◆ **Available records**
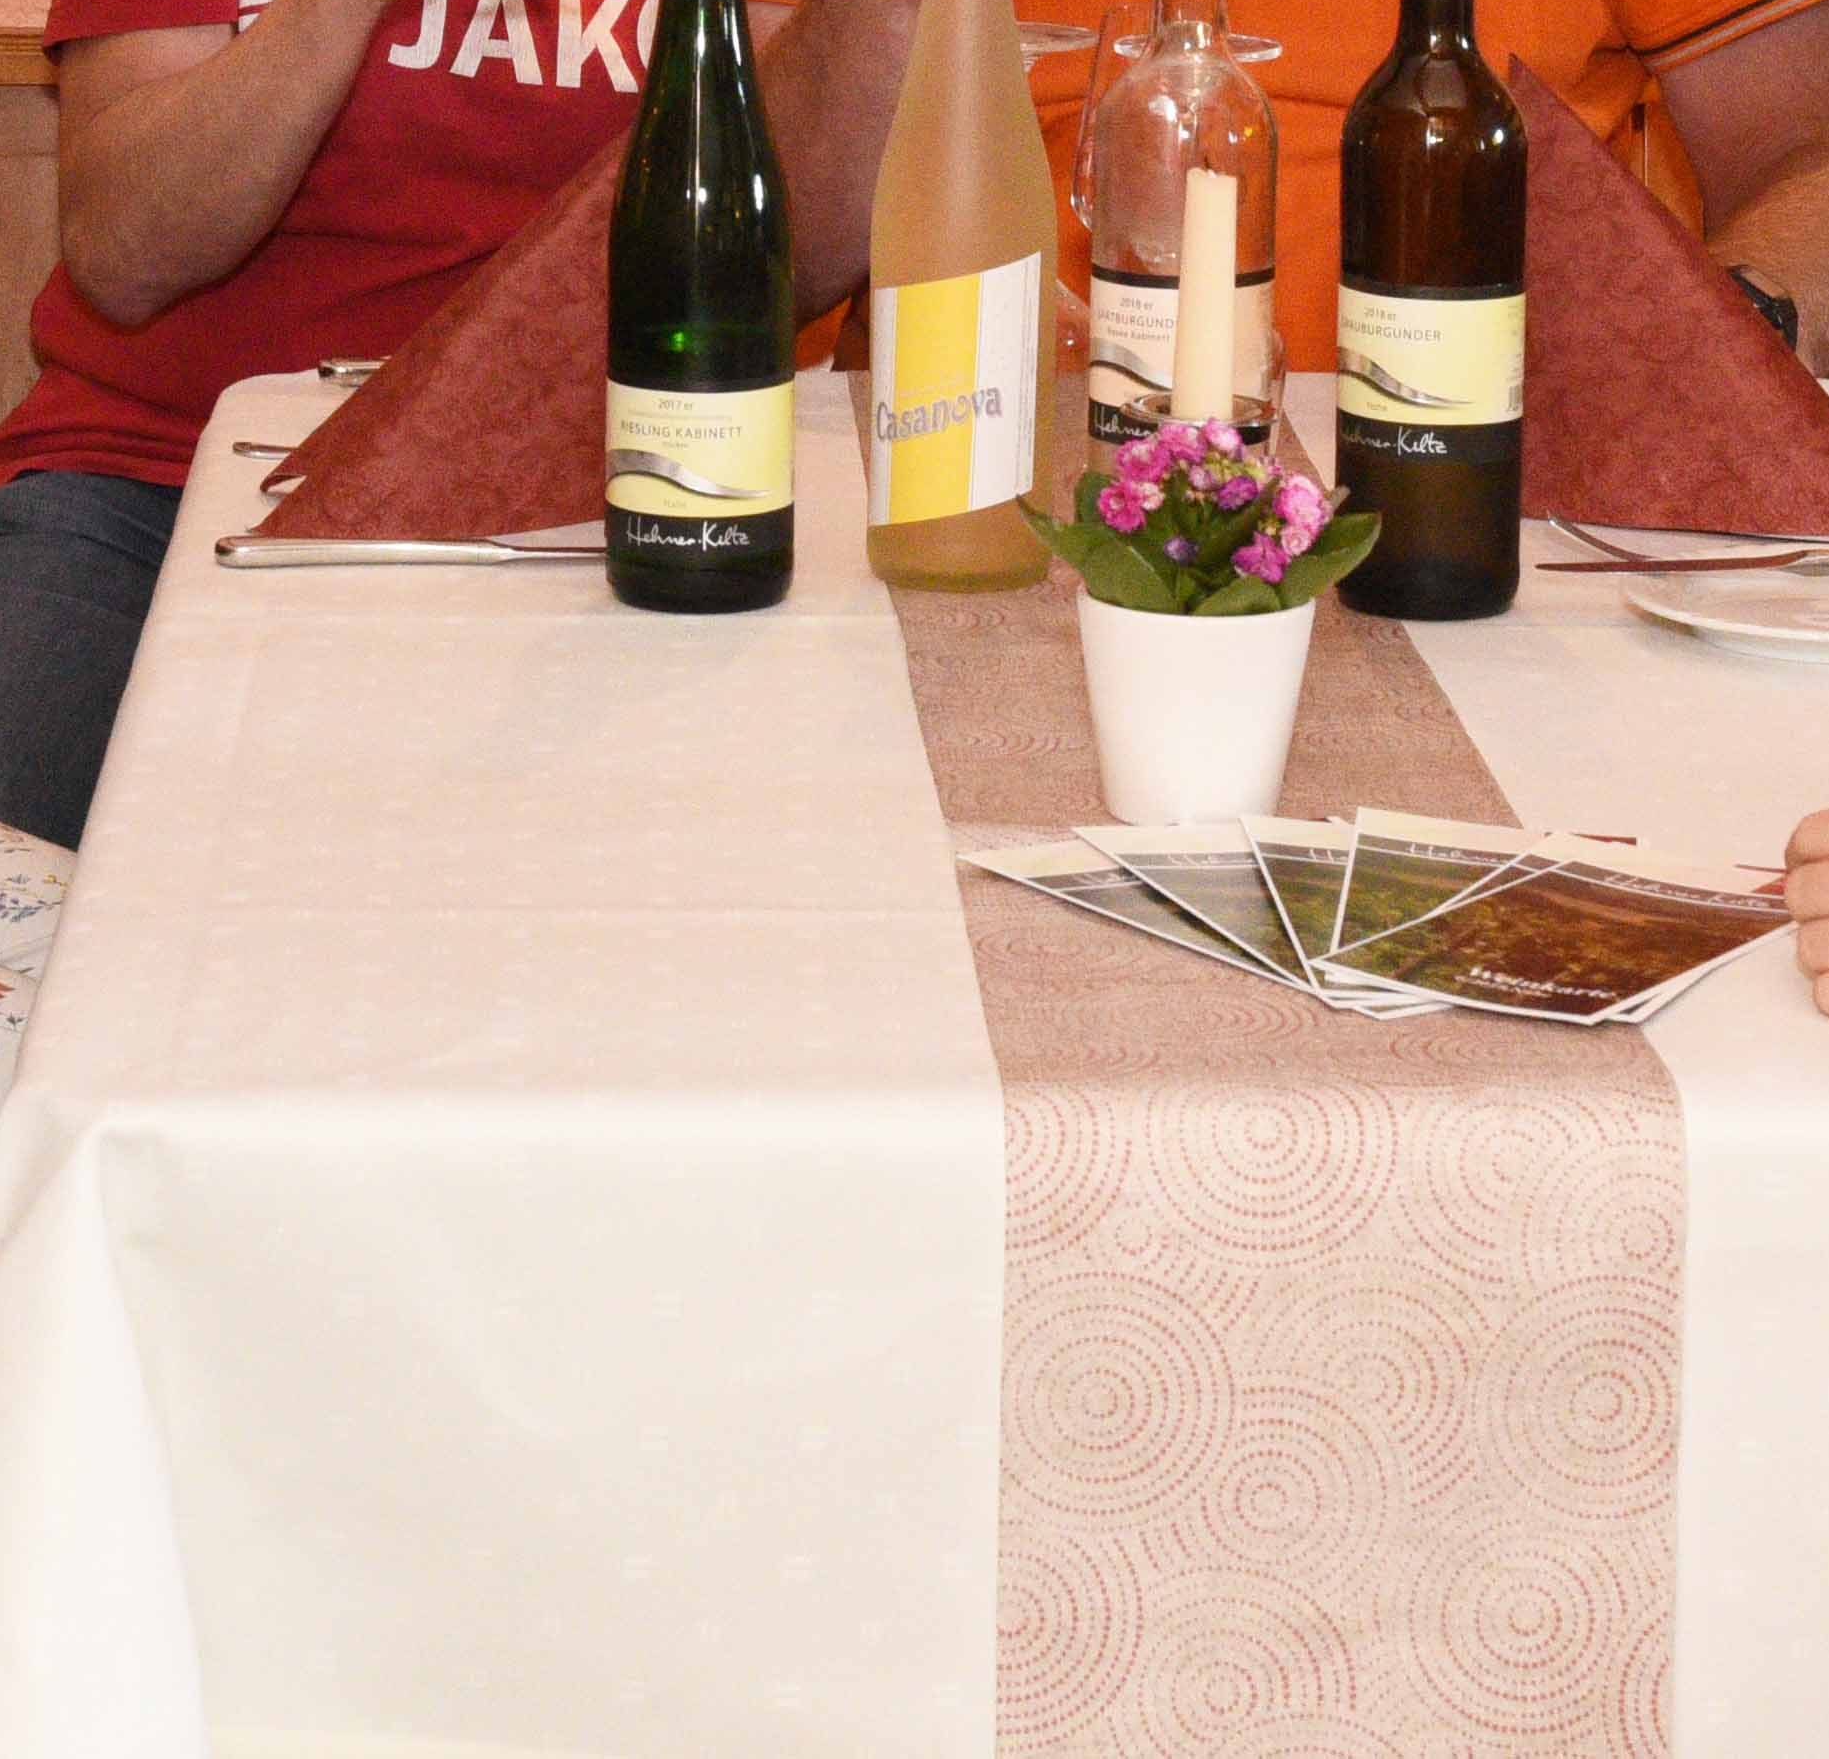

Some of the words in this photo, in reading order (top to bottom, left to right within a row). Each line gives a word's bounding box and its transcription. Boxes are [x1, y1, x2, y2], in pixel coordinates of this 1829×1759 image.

[621, 419, 671, 438] RIESLING
[675, 425, 742, 441] KABINETT
[875, 387, 1003, 442] Casanova
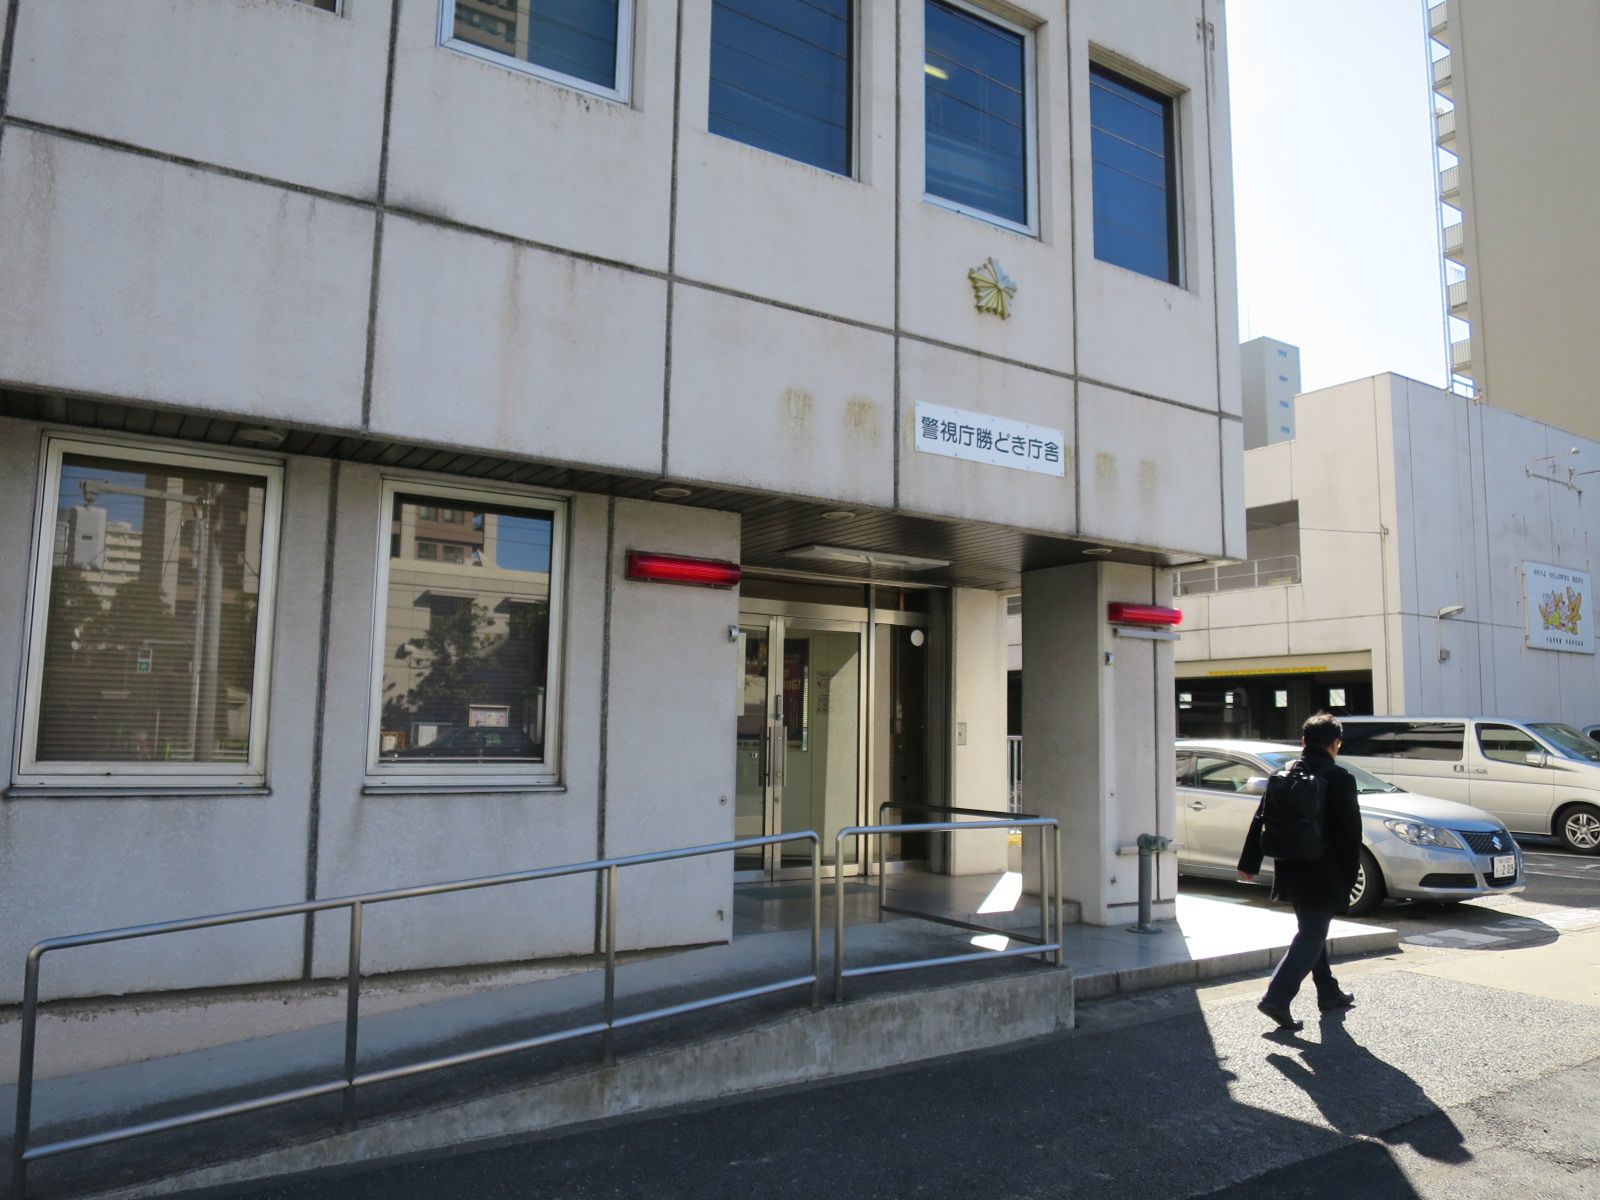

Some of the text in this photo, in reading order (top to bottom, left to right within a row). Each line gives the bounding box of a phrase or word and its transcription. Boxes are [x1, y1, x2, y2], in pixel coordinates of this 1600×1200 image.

[921, 416, 1059, 463] 警視庁勝どき庁舎

◆ **Task details**
Repeat the records in full, precisely, and keep the pictures out.

◆ **Task answer**
Some of the words in this photo, in reading order (top to bottom, left to right within a row). Each line gives a word's bounding box and its transcription. Boxes are [x1, y1, x2, y2], in pixel coordinates of this 1829×1759 image.

[621, 419, 671, 438] RIESLING
[675, 425, 742, 441] KABINETT
[875, 387, 1003, 442] Casanova

Some of the text in this photo, in reading order (top to bottom, left to right within a row). Each line gives the bounding box of a phrase or word and its transcription. Boxes are [x1, y1, x2, y2], in pixel coordinates of this 1600×1200 image.

[921, 416, 1059, 463] 警視庁勝どき庁舎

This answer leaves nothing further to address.